Dr. Arterburn: We’re studying the long-term risks and benefits of bariatric surgery in an efficient way, using existing data on patients who had the surgery in the last 10 to 15 years. Prospective studies that follow people over time are prohibitively expensive, especially for rare outcomes. For example, suicide attempts or developing alcohol misuse are pretty rare, but early data say this might happen more often in people who had bariatric surgery than people who didn’t. But we need to look at a very large population to know.

We need big data to understand the characteristics of patients, procedures, and health care systems that affect bariatric surgery outcomes. We’re working with integrated care systems like Group Health and Kaiser in Northern and Southern California, Oregon, Hawaii, and Colorado. We have partners in the Health Care Systems Research Network and the Veterans Administration. Each has a large population with severe obesity who didn’t have bariatric surgery so we can track outcomes for people who did and did not get surgery.

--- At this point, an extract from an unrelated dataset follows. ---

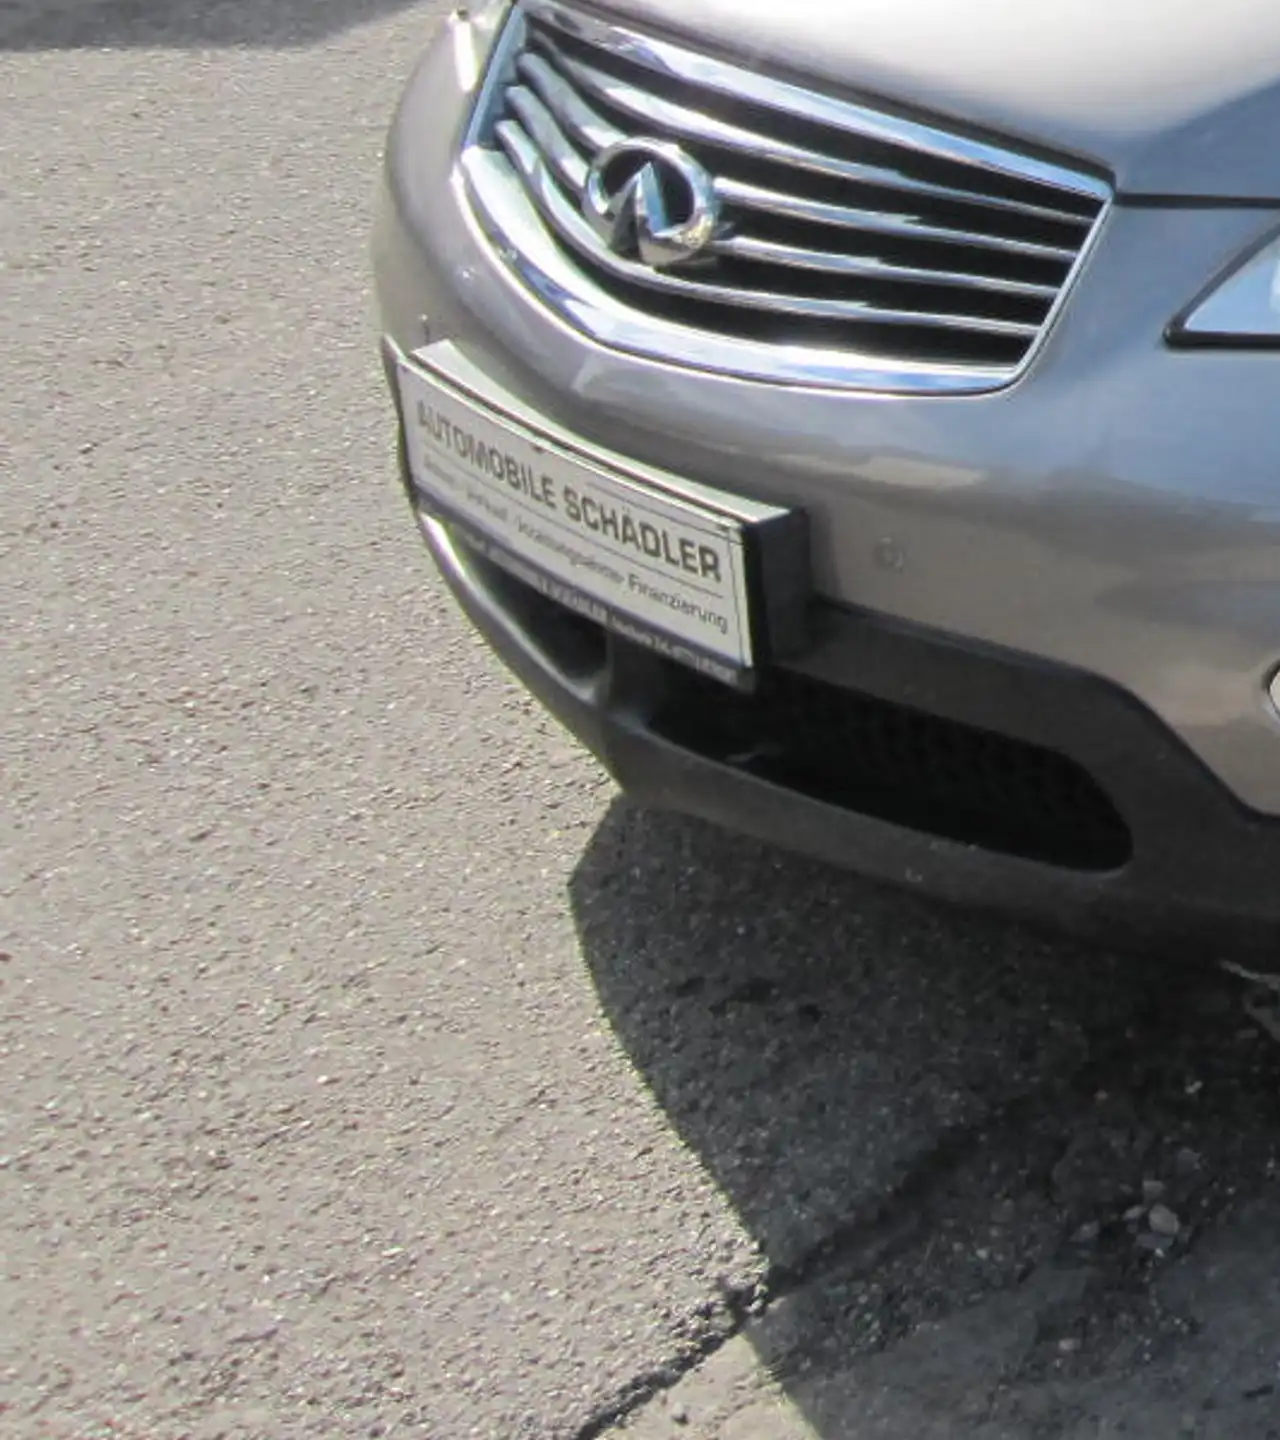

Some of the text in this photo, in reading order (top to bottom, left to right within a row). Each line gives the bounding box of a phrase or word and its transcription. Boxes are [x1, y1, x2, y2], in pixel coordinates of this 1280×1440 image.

Our collaboration with Dr. Coleman, in particular, is a unique opportunity. The Southern California population has over 40 percent racial/ethnic minorities. With that diversity, our findings will be meaningful to people across the country.

We recently started a Patient-Centered Outcomes Research Network (PCORnet) study on long-term outcomes from bariatric surgery with more than 60 medical centers across the United States. With that kind of geographic diversity and size—more than 60,000 patients who had bariatric surgery—we hope to learn much more about how well different bariatric procedures work and if some groups of patients are best suited to certain procedures.

GHRI’s strength in these partnerships is our proven expertise and leadership in studies with multisite data. GHRI has the programmers, biostatisticians, analysts, and other scientists who know how to do these large, complex, multisite studies and get results to inform treatment decisions.

Why so many different projects?

Dr. Arterburn: Severe obesity and bariatric surgery affect nearly every organ system. Modern bariatric procedures appear to have effects beyond just weight loss—most are positive, but some are not. For example, we’re starting what will be the largest and longest study to date to simultaneously examine long-term weight loss and regain, surgical complications, and changes in blood pressure and kidney disease, comparing people with severe obesity who did and did not have bariatric surgery.

Focusing on kidney disease is novel because bariatric surgery was not thought to have a dramatic impact on it. But preliminary data suggests that kidney disease may improve with major weight loss. That’s important because now, we can only do few things for people with chronic kidney disease. If they have severe obesity, bariatric surgery might reduce the risk of needing dialysis or a kidney transplant.

We’re also interested in knowing how durable the effects of bariatric surgery are on high blood pressure. If high blood pressure returns, is it related to a weight regain or just a function of age?

What does the future of obesity research and treatment look like to you?

Dr. Arterburn: We need to improve the efficacy and durability of lifestyle and behavioral interventions. Most people don’t want to have bariatric surgery because it permanently changes the way you eat and your relationship with food. Fortunately, we have excellent researchers like Drs. Dori Rosenberg and Paula Lozano studying what works other than surgery for people and families with obesity.

We need to understand what health care systems can do to support people with obesity—what works in the long-term and is cost effective. Our work will help inform policies about bariatric surgery and improve shared decision making about these procedures.

 

Dr. Arterburn’s current obesity research is supported by the National Cancer Institute, the National Institute of Diabetes and Digestive and Kidney Diseases, the National Institute of Aging, and the Patient-Centered Outcomes Research Institute.